In the stock market, price determination of shares is one of the most important things. Everything depends on the valuation of stocks. If you buy shares at fair valuation then chances of making money are high in the unlisted market.
When a company is listed with stock exchanges, it is very easy to calculate the value of stock but if the company is unlisted, it becomes very difficult to value it.
To calculate the value of unlisted shares there are some methods which can be used.
1. Based on the Last Valuation in the Private Market
In this method, the price at which the company has raised funds in the private market can be used for the price determination of the unlisted shares.
For Example:
Let us suppose that Swiggy shares are not available in the unlisted market. And, there is an ESOP holder who wants to sell his/her shares in the unlisted maret. While selling the unlisted shares, he/she will use the last funding round as a base to negotiate with the dealers in the market. Then as per negotiation the unlisted shares price is decided. Once the shares come in the unlisted market, the dealers further sell to the investors by adding margin or commission depending upon demand and supply.
Bull Case Scenario
Imagine 200 Shares of Swiggy have entered the unlisted market at Rs. 4 lac per share. The demand in the market for Swiggy Shares is 400 Quantity. That means supply is less , demand is high. The value of the unlisted share of Swiggy will go up. It might go to say 4.5 Lac per share at which buyers are ready to buy.
Bear Case Scenario
Imagine 1000 Shares of Swiggy have entered the unlisted market at Rs. 4 lac per share. The demand in the market for Swiggy Shares is only 100 Quantity. That means supply is high , demand is less. The value of the unlisted share of Swiggy will go down. It might go to say 3.5 Lac per share at which buyers are ready to buy.

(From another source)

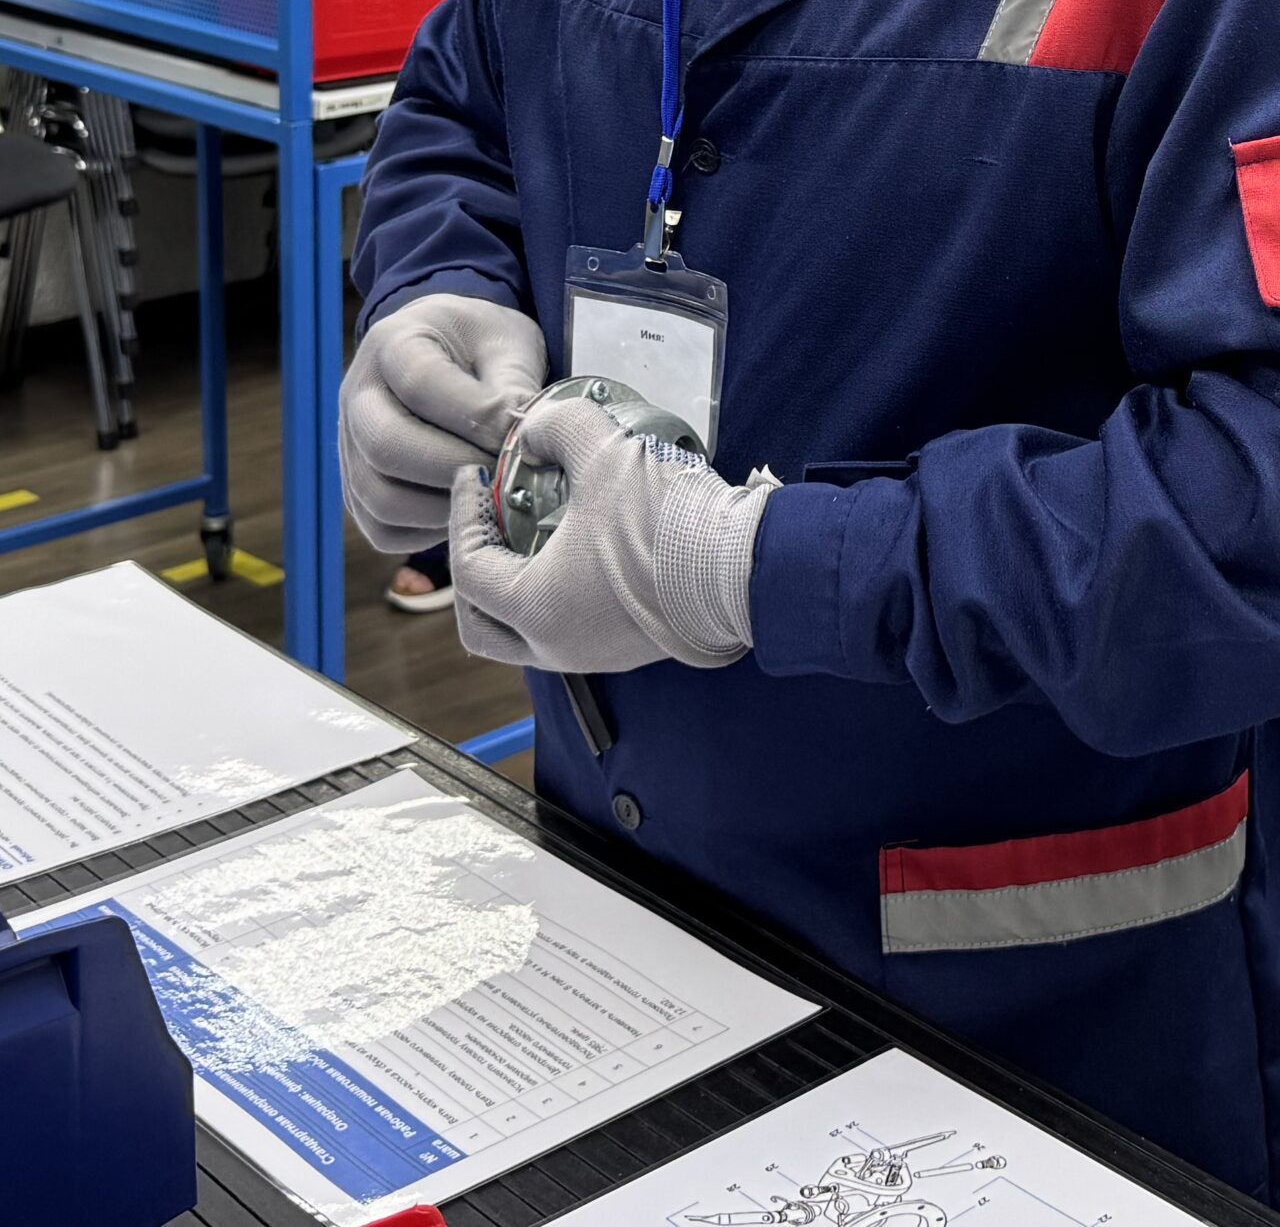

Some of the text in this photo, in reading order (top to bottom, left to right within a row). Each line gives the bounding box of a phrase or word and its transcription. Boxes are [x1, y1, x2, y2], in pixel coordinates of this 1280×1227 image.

This way price moves in the short term depending on demand and supply in the unlisted market.
2. Book Value Method or NAV Method
As per this method, you have to club the book value of all the tangible assets and tangible liabilities separately and then subtract the liabilities from the assets value.This way we have found the book value of the company. After finding the Book Value, we have to calculate the Price/Book Value. As a thumb rule, the P/B of less than 5 is considered as undervalued.
3. Present Value Method (DCF)
This is one the most popular methods to calculate the share price of unlisted shares. In this method, you need to anticipate the future cash flow of the company. Then discount the cash flows by weighted average cost of Capital and find the present value of the company. Then divide that value by the number of shares outstanding to get the per share value of the company.
However, this method can not be used by normal investors as it requires a lot of understanding of the business model of the company and a lot of assumption data. This method is generally used by registered valuers to find the fair value of unlisted shares whenever companies need to raise funds from the market.
4. Market Comparable Method
Under this method, the investor just needs to find a listed company which is a peer to the unlisted company to whom he/she wants to value. Then investors can use the methods like P/E, Mcap/Sales, EV/EBITDA etc. to compare both the companies. And, if the unlisted company is available at a discount to the listed peer, it can become a good value buy.
For Example:
Care Health Insurance is an unlisted company and you want to know whether the CMP of Rs.150 per share is fairly valued or not. Then under this method, first we will find the peer in the listed market. If you do quick research, then you will find that Star Health is the nearest peer. After that we will use the metric called Mcap/GWP. Then after finding the value of Mcap/GWP, we can decide whether Rs.150 per share value of Care Heath is value buy or not.